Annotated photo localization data
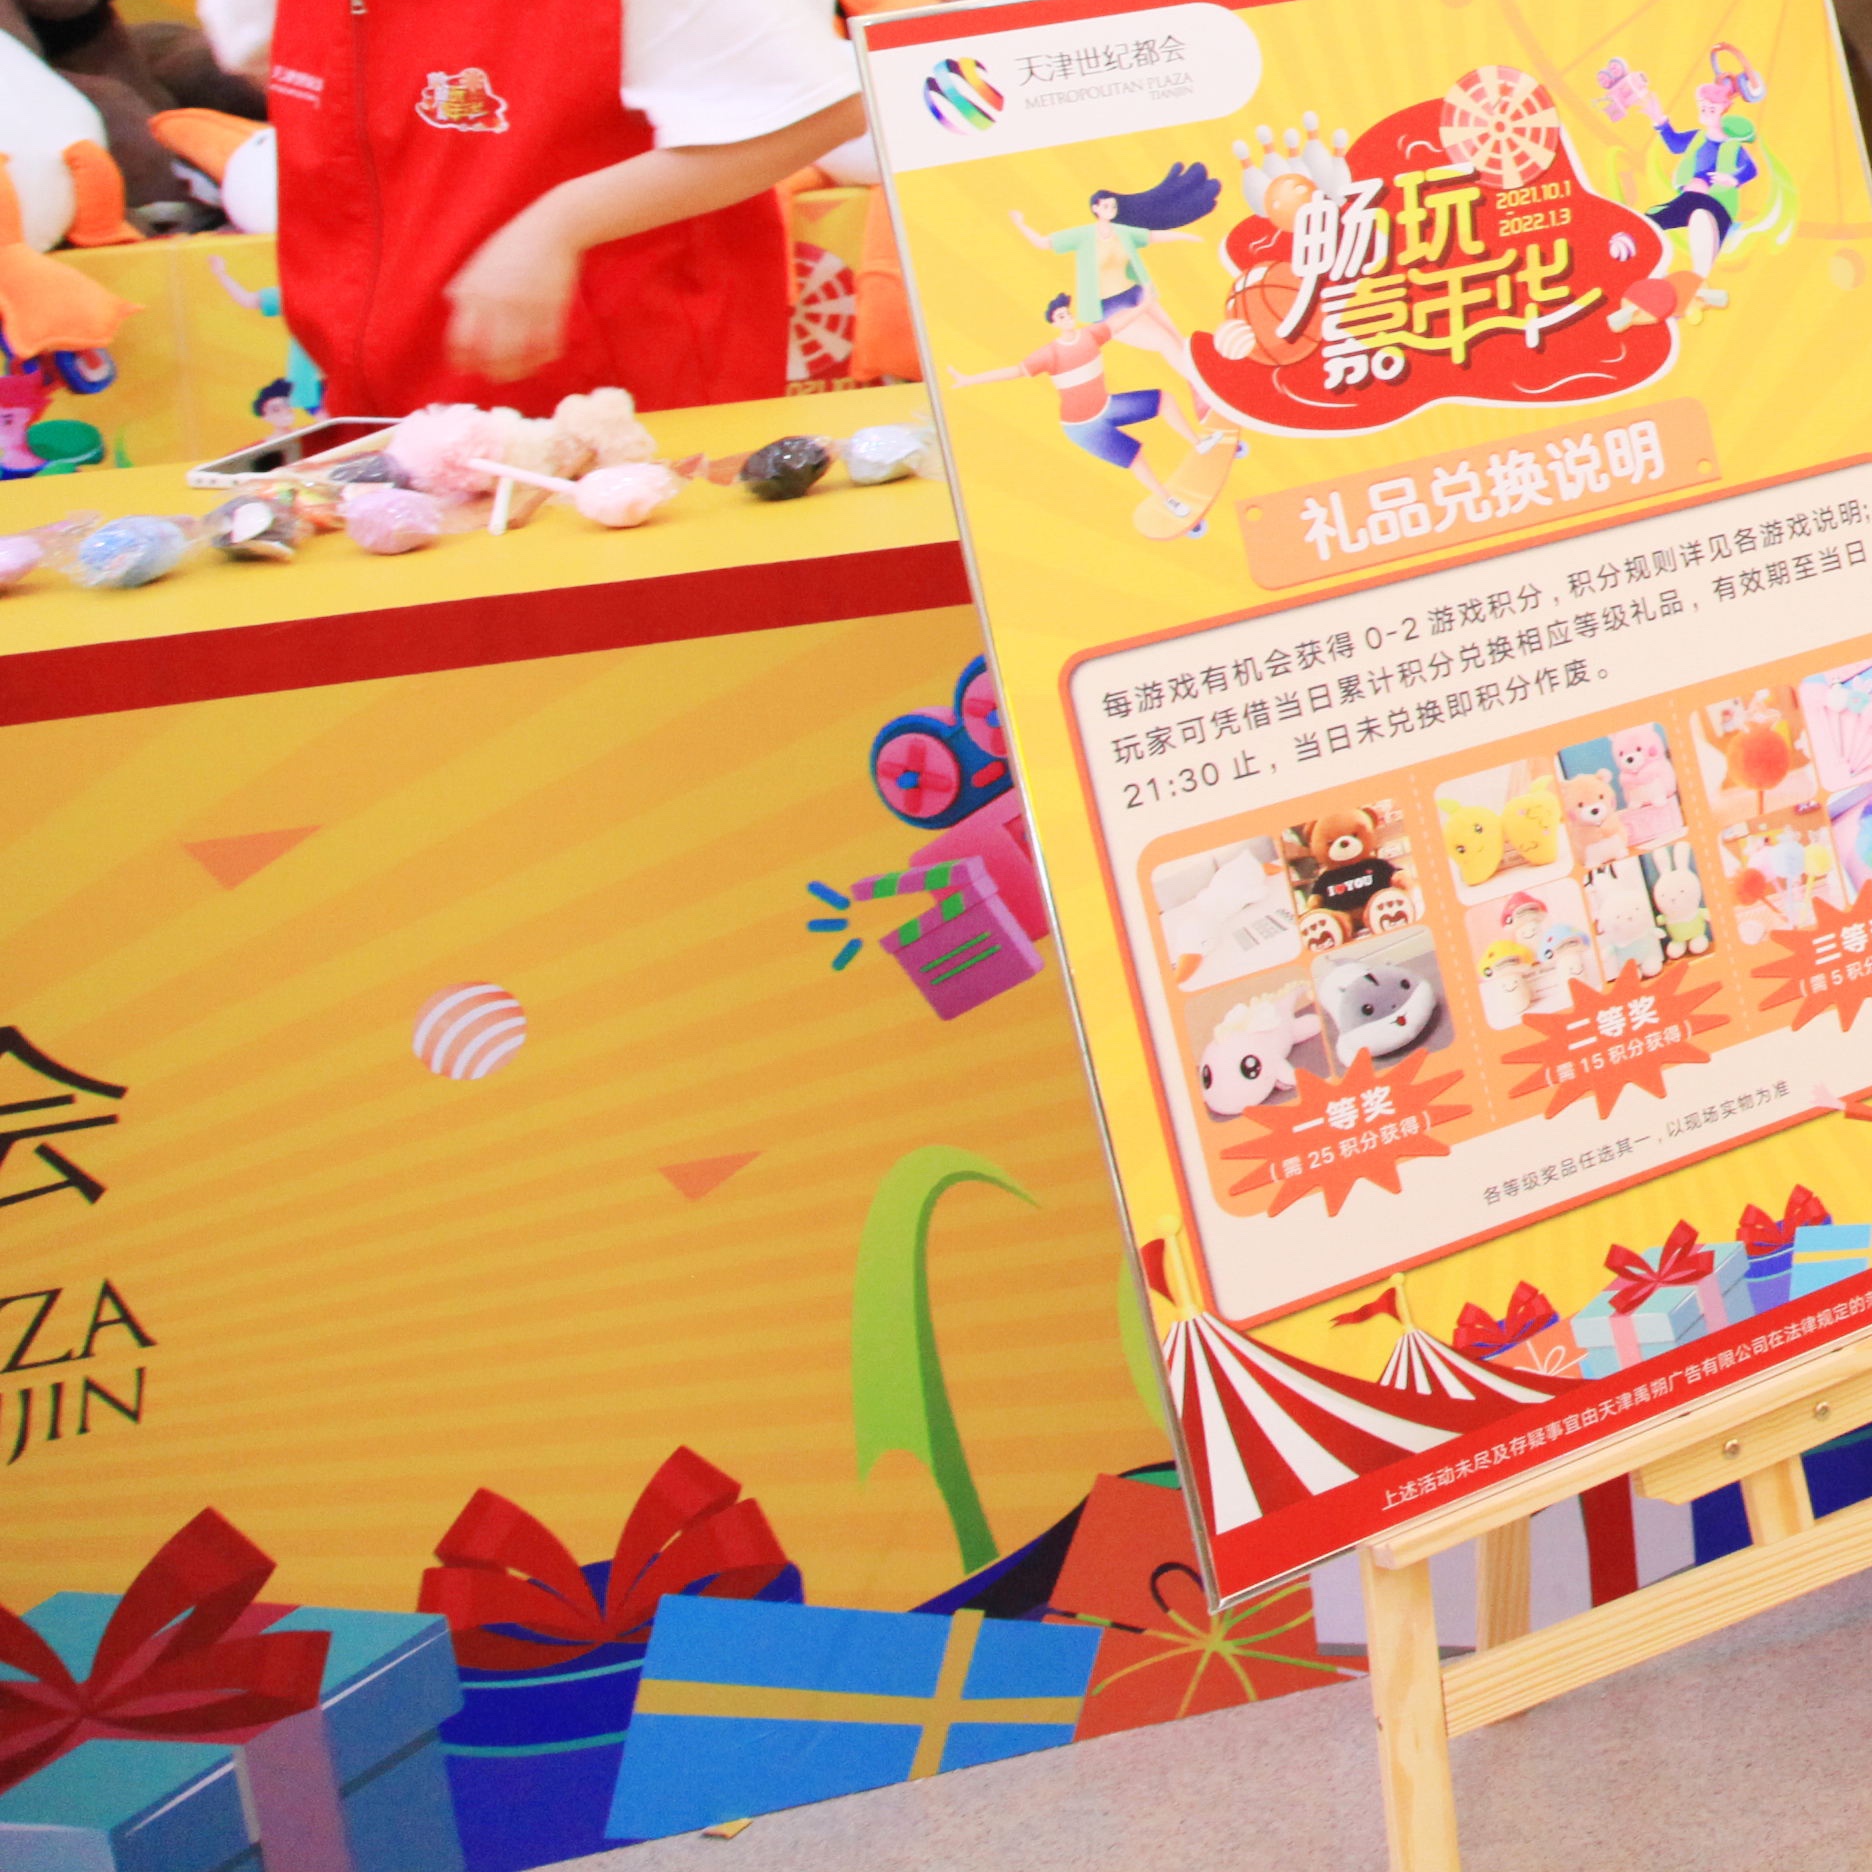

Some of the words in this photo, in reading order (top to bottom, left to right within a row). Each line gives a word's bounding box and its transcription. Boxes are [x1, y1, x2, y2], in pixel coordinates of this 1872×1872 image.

[1015, 34, 1186, 87] 天津世纪都会
[1025, 79, 1144, 109] METROPOLITAN
[1147, 72, 1193, 91] PLAZA
[1151, 85, 1194, 101] TIANJIN
[1495, 180, 1572, 210] 2021.10.1
[1498, 208, 1572, 237] 2022.1.3
[1297, 418, 1668, 562] 礼品兑换说明
[1101, 631, 1357, 720] 每游戏有机会获得
[1364, 616, 1420, 653] 0-2
[1123, 761, 1222, 810] 21:30
[1566, 995, 1660, 1051] 二等奖
[1292, 1085, 1396, 1134] 一等奖

> _What you have to do_
Copy out all the data exactly, skipping the pictures.

> _Problem solution_
Some of the words in this photo, in reading order (top to bottom, left to right within a row). Each line gives a word's bounding box and its transcription. Boxes are [x1, y1, x2, y2], in pixel coordinates of this 1872×1872 image.

[1015, 34, 1186, 87] 天津世纪都会
[1025, 79, 1144, 109] METROPOLITAN
[1147, 72, 1193, 91] PLAZA
[1151, 85, 1194, 101] TIANJIN
[1495, 180, 1572, 210] 2021.10.1
[1498, 208, 1572, 237] 2022.1.3
[1297, 418, 1668, 562] 礼品兑换说明
[1101, 631, 1357, 720] 每游戏有机会获得
[1364, 616, 1420, 653] 0-2
[1123, 761, 1222, 810] 21:30
[1566, 995, 1660, 1051] 二等奖
[1292, 1085, 1396, 1134] 一等奖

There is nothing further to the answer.